A principal mudança trazida pela PEC é a criação de um piso mínimo de recursos destinados à assistência social, algo que até então não existia de forma obrigatória na Constituição. Na prática, isso significa que:


  • o governo será obrigado a destinar uma porcentagem mínima do orçamento para a área
  • os recursos não poderão ser reduzidos abaixo desse limite
  • programas sociais terão mais estabilidade financeira


Esse modelo já é aplicado em áreas como saúde e educação, e agora passa a ser estendido também para a assistência social.


Por que essa mudança é tão importante

A assistência social é responsável por atender pessoas em situação de vulnerabilidade, incluindo idosos, pessoas com deficiência e famílias de baixa renda.

Entre os principais benefícios vinculados a essa área está o Benefício de Prestação Continuada, conhecido como BPC ou LOAS, que garante um salário mínimo mensal para quem não tem condições de se sustentar.

O problema é que, historicamente, a assistência social sempre sofreu com instabilidade orçamentária, ficando mais vulnerável a cortes e ajustes fiscais.

Com a nova PEC, esse cenário tende a mudar.


Mais previsibilidade e menos risco de cortes

Um dos maiores impactos da proposta é a previsibilidade.

Ao garantir um investimento mínimo, o governo reduz o risco de interrupções em programas essenciais, o que traz mais segurança tanto para gestores públicos quanto para os beneficiários.

Na prática, isso pode significar:

  • menos atrasos ou interrupções em serviços sociais
  • maior capacidade de planejamento das políticas públicas
  • continuidade no atendimento à população vulnerável

Para quem depende diretamente desses programas, essa estabilidade faz toda a diferença.

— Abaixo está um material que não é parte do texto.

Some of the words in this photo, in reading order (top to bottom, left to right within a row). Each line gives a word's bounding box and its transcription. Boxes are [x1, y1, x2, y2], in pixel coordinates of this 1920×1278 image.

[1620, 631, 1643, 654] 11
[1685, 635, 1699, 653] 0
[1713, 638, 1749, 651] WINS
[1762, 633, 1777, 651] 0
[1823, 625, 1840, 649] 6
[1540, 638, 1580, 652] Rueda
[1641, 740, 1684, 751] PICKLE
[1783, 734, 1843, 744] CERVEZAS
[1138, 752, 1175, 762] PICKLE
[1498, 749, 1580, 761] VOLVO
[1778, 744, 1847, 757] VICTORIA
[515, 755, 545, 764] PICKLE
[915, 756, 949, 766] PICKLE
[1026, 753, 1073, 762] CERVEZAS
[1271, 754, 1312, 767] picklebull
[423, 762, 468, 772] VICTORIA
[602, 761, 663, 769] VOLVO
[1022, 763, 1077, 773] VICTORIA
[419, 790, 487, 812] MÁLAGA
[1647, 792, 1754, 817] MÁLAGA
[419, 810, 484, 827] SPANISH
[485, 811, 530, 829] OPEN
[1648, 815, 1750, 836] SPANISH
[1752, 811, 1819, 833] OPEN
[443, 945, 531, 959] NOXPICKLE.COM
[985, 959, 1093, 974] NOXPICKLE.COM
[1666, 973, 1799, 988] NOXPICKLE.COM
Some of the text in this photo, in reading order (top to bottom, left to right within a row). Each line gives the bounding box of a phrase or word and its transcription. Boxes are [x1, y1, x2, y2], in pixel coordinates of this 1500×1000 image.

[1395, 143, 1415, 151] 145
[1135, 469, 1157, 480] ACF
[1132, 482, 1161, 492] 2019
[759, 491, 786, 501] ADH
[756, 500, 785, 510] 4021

Impactos diretos para quem recebe benefícios sociais

A aprovação da PEC não altera imediatamente os critérios de concessão de benefícios como o BPC, mas fortalece toda a estrutura que sustenta esses programas.

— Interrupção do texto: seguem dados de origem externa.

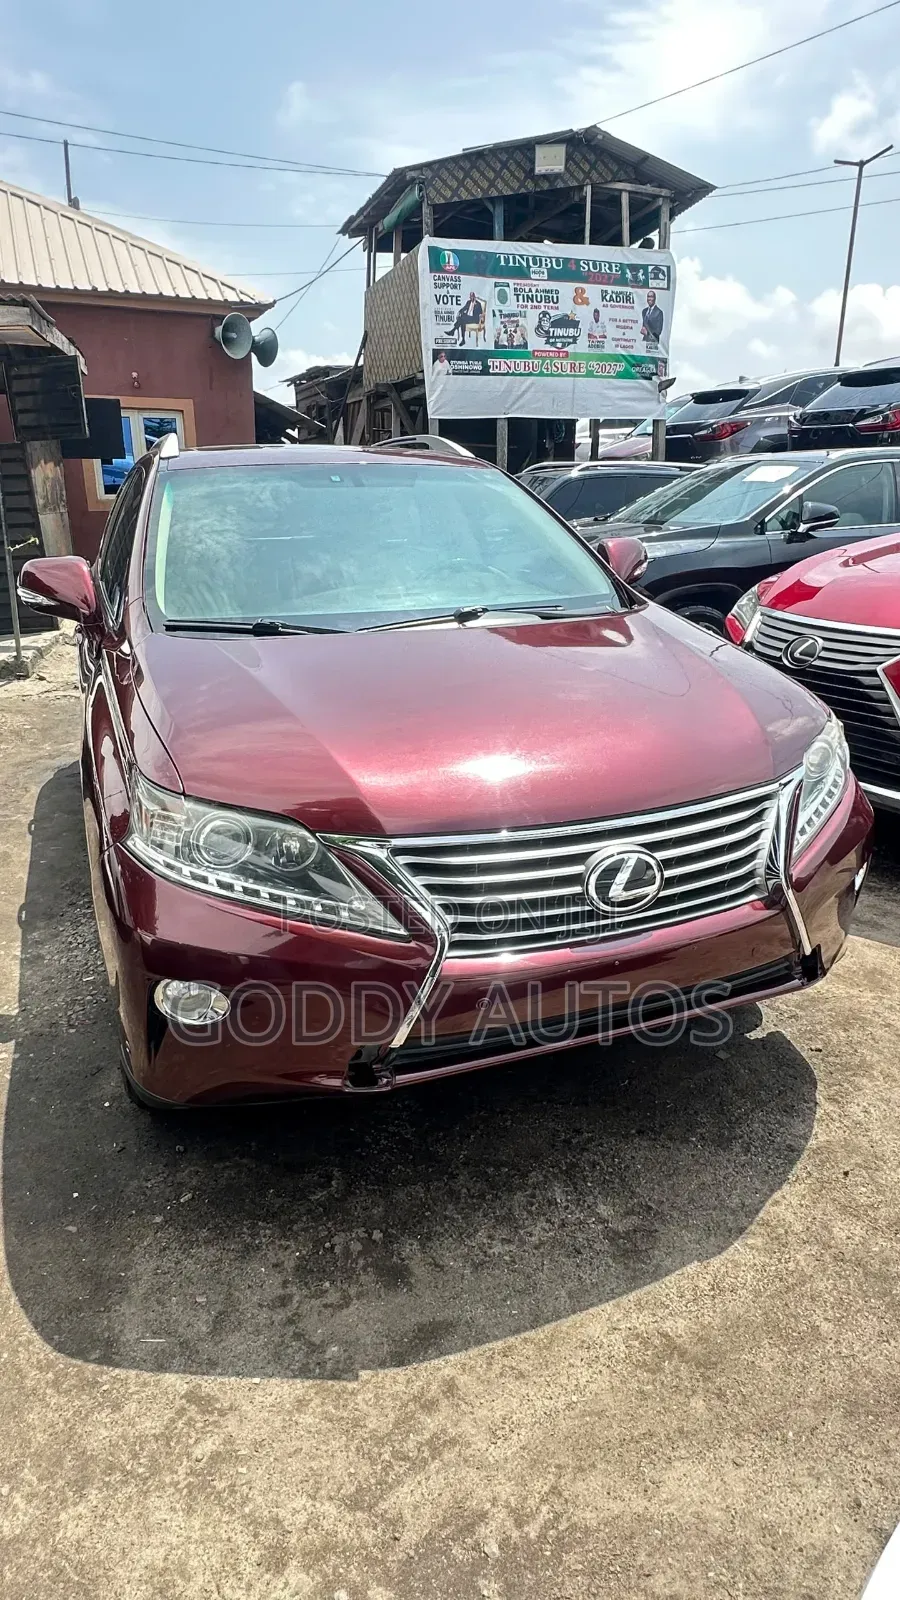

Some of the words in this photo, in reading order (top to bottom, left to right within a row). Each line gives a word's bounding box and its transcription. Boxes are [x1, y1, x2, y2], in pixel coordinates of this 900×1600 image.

[497, 254, 563, 270] TINUBU
[568, 258, 577, 271] 4
[580, 260, 621, 274] SURE
[433, 274, 461, 283] CANVASS
[532, 269, 545, 278] Hope
[433, 282, 461, 290] SUPPORT
[434, 294, 462, 306] VOTE
[514, 294, 560, 304] TINUBU
[573, 287, 590, 306] &
[601, 294, 635, 304] KADIRI
[550, 328, 580, 337] TINUBU
[488, 359, 540, 373] TINUBU
[542, 360, 550, 373] 4
[552, 361, 586, 374] SURE

Isso cria um ambiente mais seguro para:

  • manutenção dos benefícios existentes
  • ampliação de políticas sociais
  • melhoria na qualidade dos atendimentos

Além disso, a medida pode facilitar a criação de novos programas no futuro, já que haverá uma base mínima garantida de financiamento.


O que acontece agora

Com a aprovação em segundo turno na Câmara, a PEC segue para promulgação, etapa final para que passe a valer como parte da Constituição.

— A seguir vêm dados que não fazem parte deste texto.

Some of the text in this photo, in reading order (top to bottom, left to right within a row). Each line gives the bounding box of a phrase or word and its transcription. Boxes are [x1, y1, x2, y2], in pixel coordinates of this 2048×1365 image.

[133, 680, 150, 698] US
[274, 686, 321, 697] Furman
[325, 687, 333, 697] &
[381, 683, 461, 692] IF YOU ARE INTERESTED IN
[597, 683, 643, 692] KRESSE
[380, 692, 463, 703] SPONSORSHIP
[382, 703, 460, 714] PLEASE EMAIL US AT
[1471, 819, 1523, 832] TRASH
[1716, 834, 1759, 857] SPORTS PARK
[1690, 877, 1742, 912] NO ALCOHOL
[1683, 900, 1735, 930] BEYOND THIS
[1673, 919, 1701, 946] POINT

Depois disso, caberá ao governo definir, na prática, como será feita a distribuição e aplicação desses recursos dentro do orçamento público.


Por que essa decisão impacta todo o sistema de proteção social

Embora o foco seja a assistência social, a medida tem reflexos mais amplos. Ela fortalece o chamado sistema de seguridade social, que engloba:

  • previdência social
  • saúde pública
  • assistência social

Ao garantir recursos mínimos para uma dessas áreas, o país dá um passo importante na construção de uma rede de proteção mais sólida e menos vulnerável a oscilações econômicas.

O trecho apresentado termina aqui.